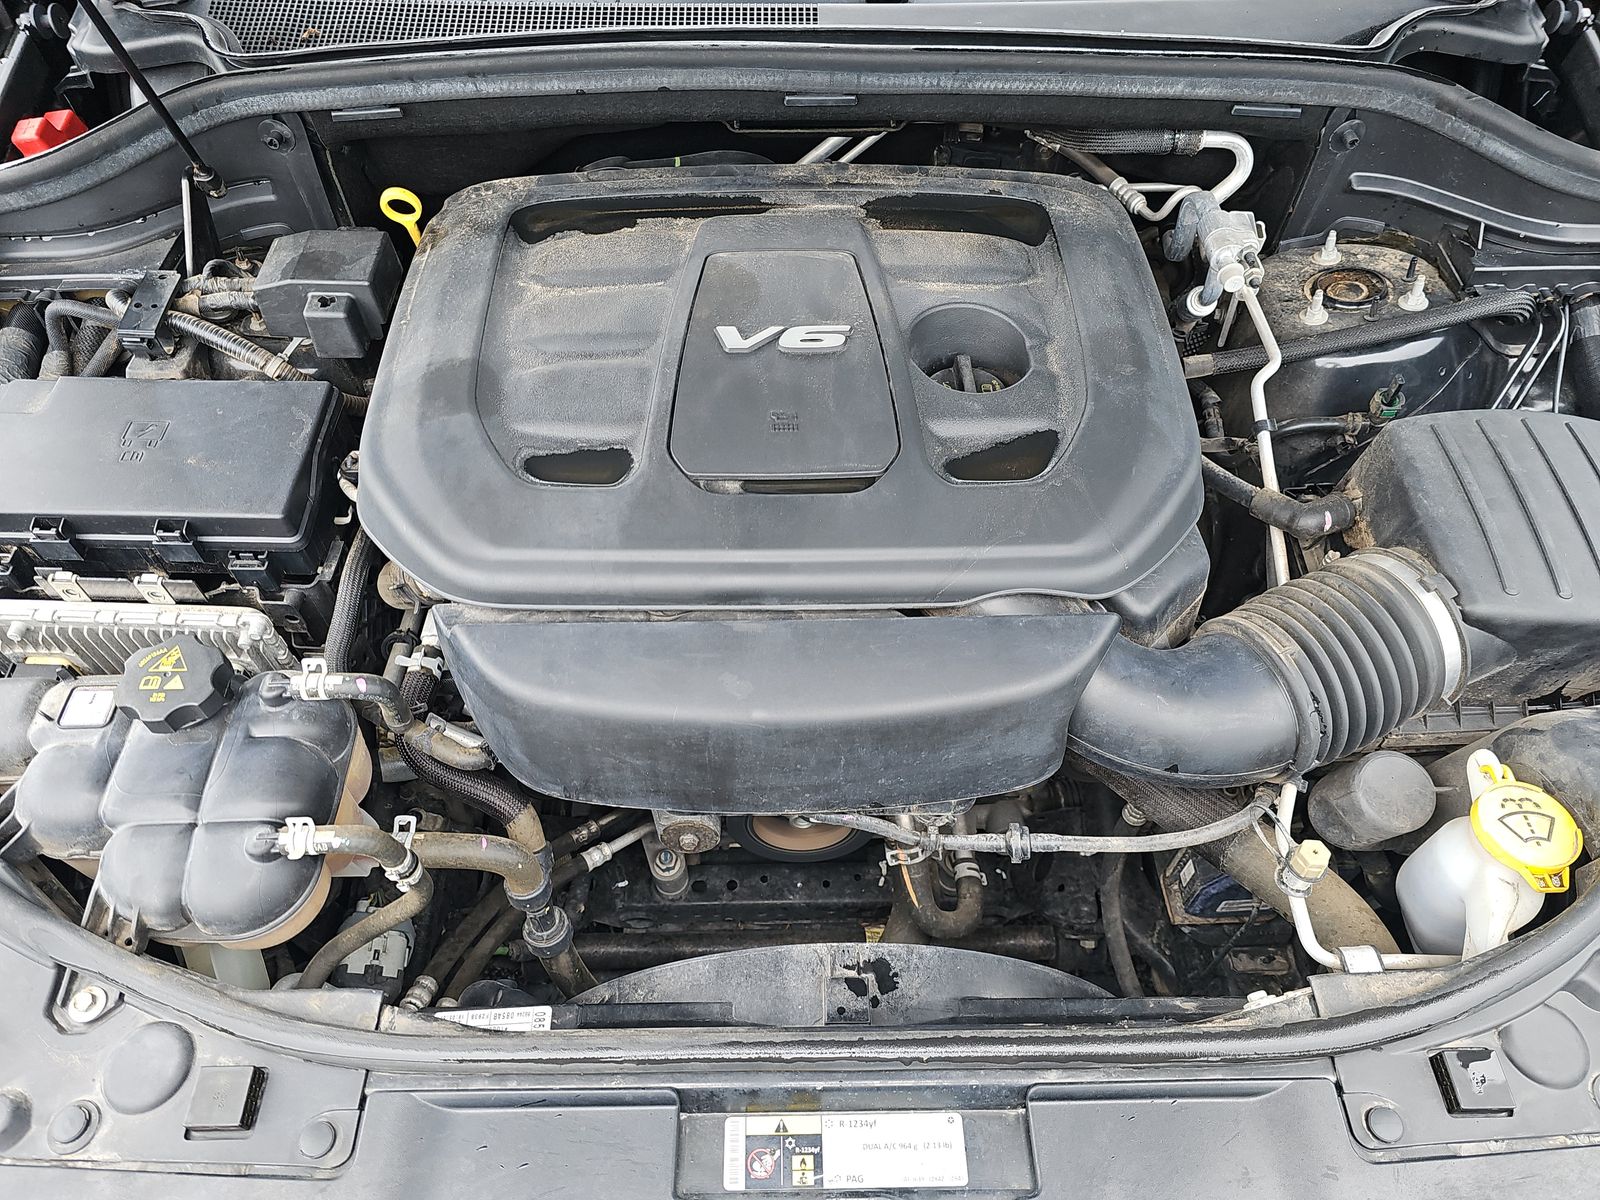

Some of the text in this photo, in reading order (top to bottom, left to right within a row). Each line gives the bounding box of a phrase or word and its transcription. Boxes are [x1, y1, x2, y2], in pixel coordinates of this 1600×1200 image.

[714, 325, 853, 353] V6
[533, 1011, 546, 1029] 085
[838, 1119, 877, 1130] R-1234yf
[794, 1146, 821, 1155] R-1234yf
[862, 1143, 882, 1151] DUAL
[883, 1143, 897, 1151] A/C
[898, 1142, 912, 1150] 964
[846, 1175, 865, 1184] PAG
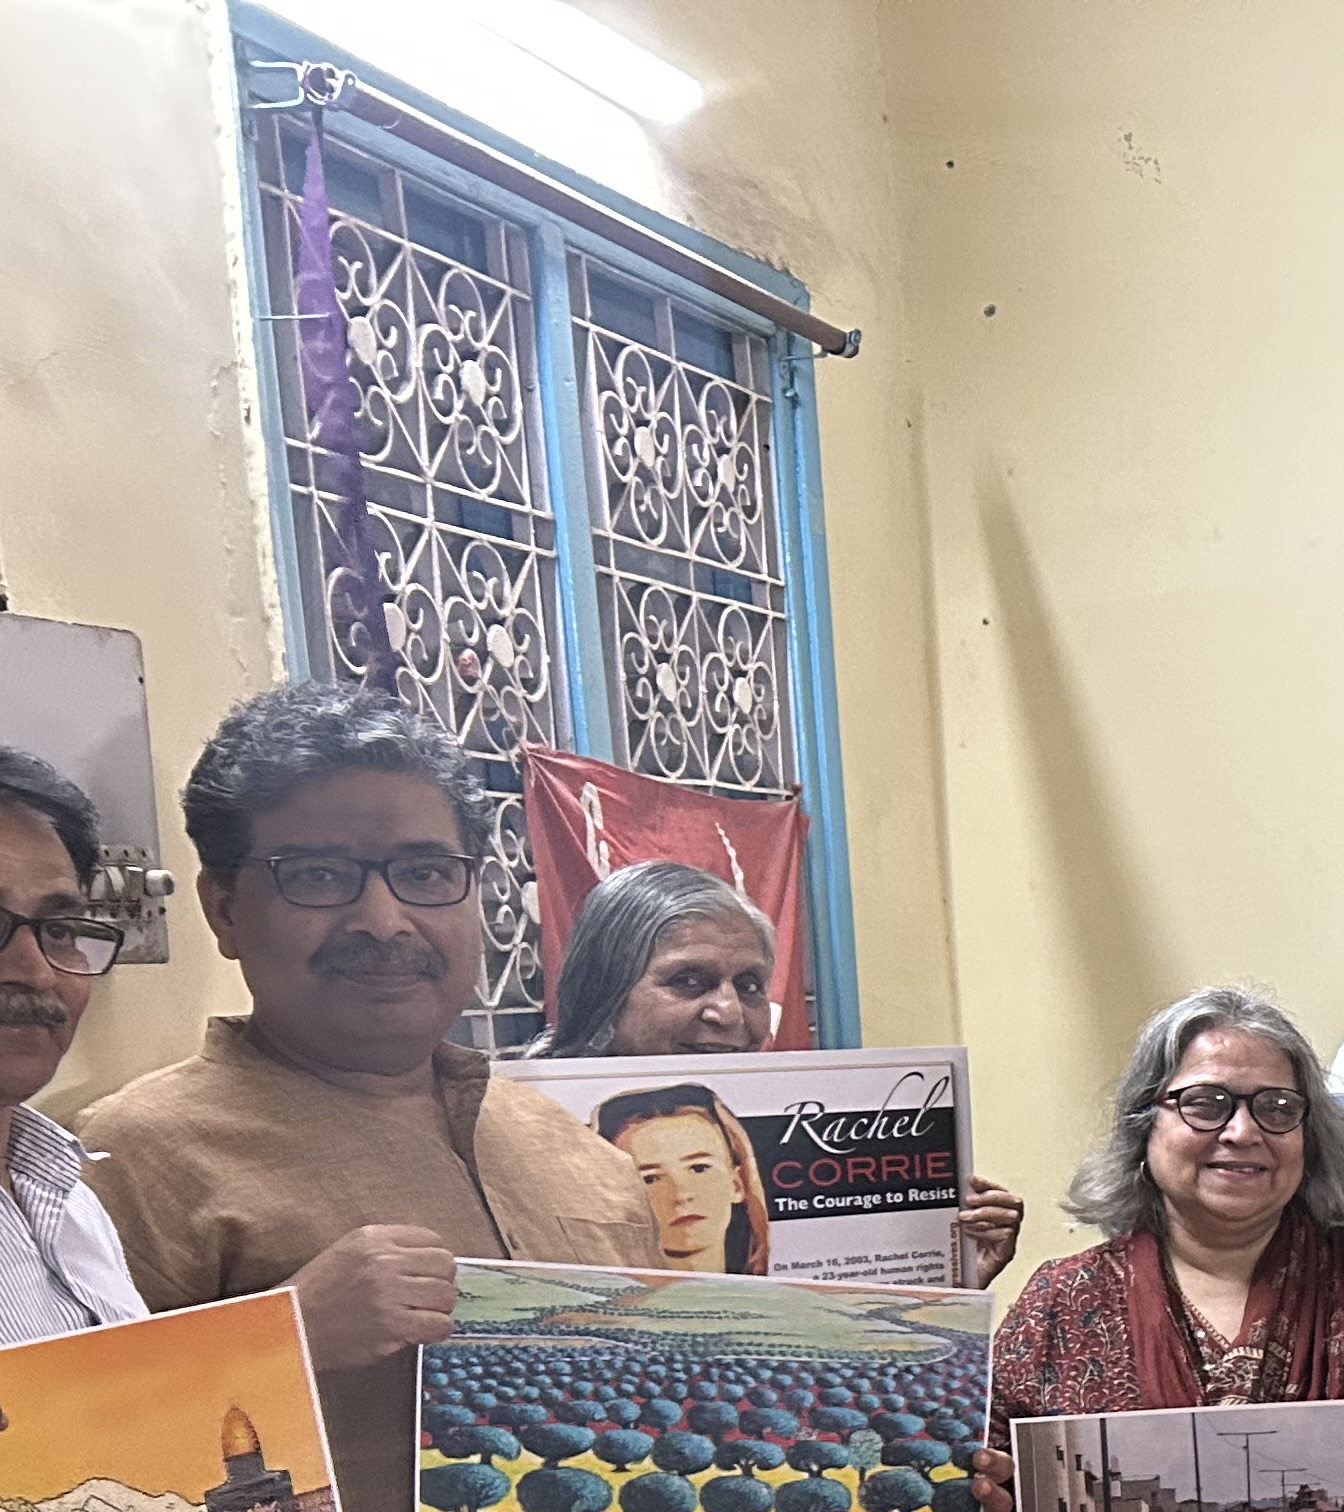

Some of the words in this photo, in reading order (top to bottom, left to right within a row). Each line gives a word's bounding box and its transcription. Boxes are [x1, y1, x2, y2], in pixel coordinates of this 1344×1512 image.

[780, 1071, 950, 1154] Rachel
[771, 1151, 954, 1190] CORRIE
[775, 1196, 810, 1212] The
[812, 1191, 882, 1212] Courage
[886, 1189, 904, 1204] to
[908, 1186, 957, 1202] Resist
[773, 1262, 788, 1271] On
[791, 1260, 823, 1270] March
[875, 1252, 908, 1262] Rachel
[911, 1250, 945, 1259] Corrie,
[822, 1267, 878, 1281] 23-year-old
[880, 1265, 914, 1275] human
[916, 1262, 945, 1273] rights
[927, 1275, 945, 1283] and

☆ ☆ ☆ ☆ ☆

◆ **What you should do**: Write out the whole listing again, exactly, with no pictures.

◆ **Response below**:
Some of the text in this photo, in reading order (top to bottom, left to right within a row). Each line gives the bounding box of a phrase or word and its transcription. Boxes are [x1, y1, x2, y2], in pixel coordinates of this 1600×1200 image.

[714, 325, 853, 353] V6
[533, 1011, 546, 1029] 085
[838, 1119, 877, 1130] R-1234yf
[794, 1146, 821, 1155] R-1234yf
[862, 1143, 882, 1151] DUAL
[883, 1143, 897, 1151] A/C
[898, 1142, 912, 1150] 964
[846, 1175, 865, 1184] PAG

Some of the words in this photo, in reading order (top to bottom, left to right within a row). Each line gives a word's bounding box and its transcription. Boxes are [x1, y1, x2, y2], in pixel coordinates of this 1344×1512 image.

[780, 1071, 950, 1154] Rachel
[771, 1151, 954, 1190] CORRIE
[775, 1196, 810, 1212] The
[812, 1191, 882, 1212] Courage
[886, 1189, 904, 1204] to
[908, 1186, 957, 1202] Resist
[773, 1262, 788, 1271] On
[791, 1260, 823, 1270] March
[875, 1252, 908, 1262] Rachel
[911, 1250, 945, 1259] Corrie,
[822, 1267, 878, 1281] 23-year-old
[880, 1265, 914, 1275] human
[916, 1262, 945, 1273] rights
[927, 1275, 945, 1283] and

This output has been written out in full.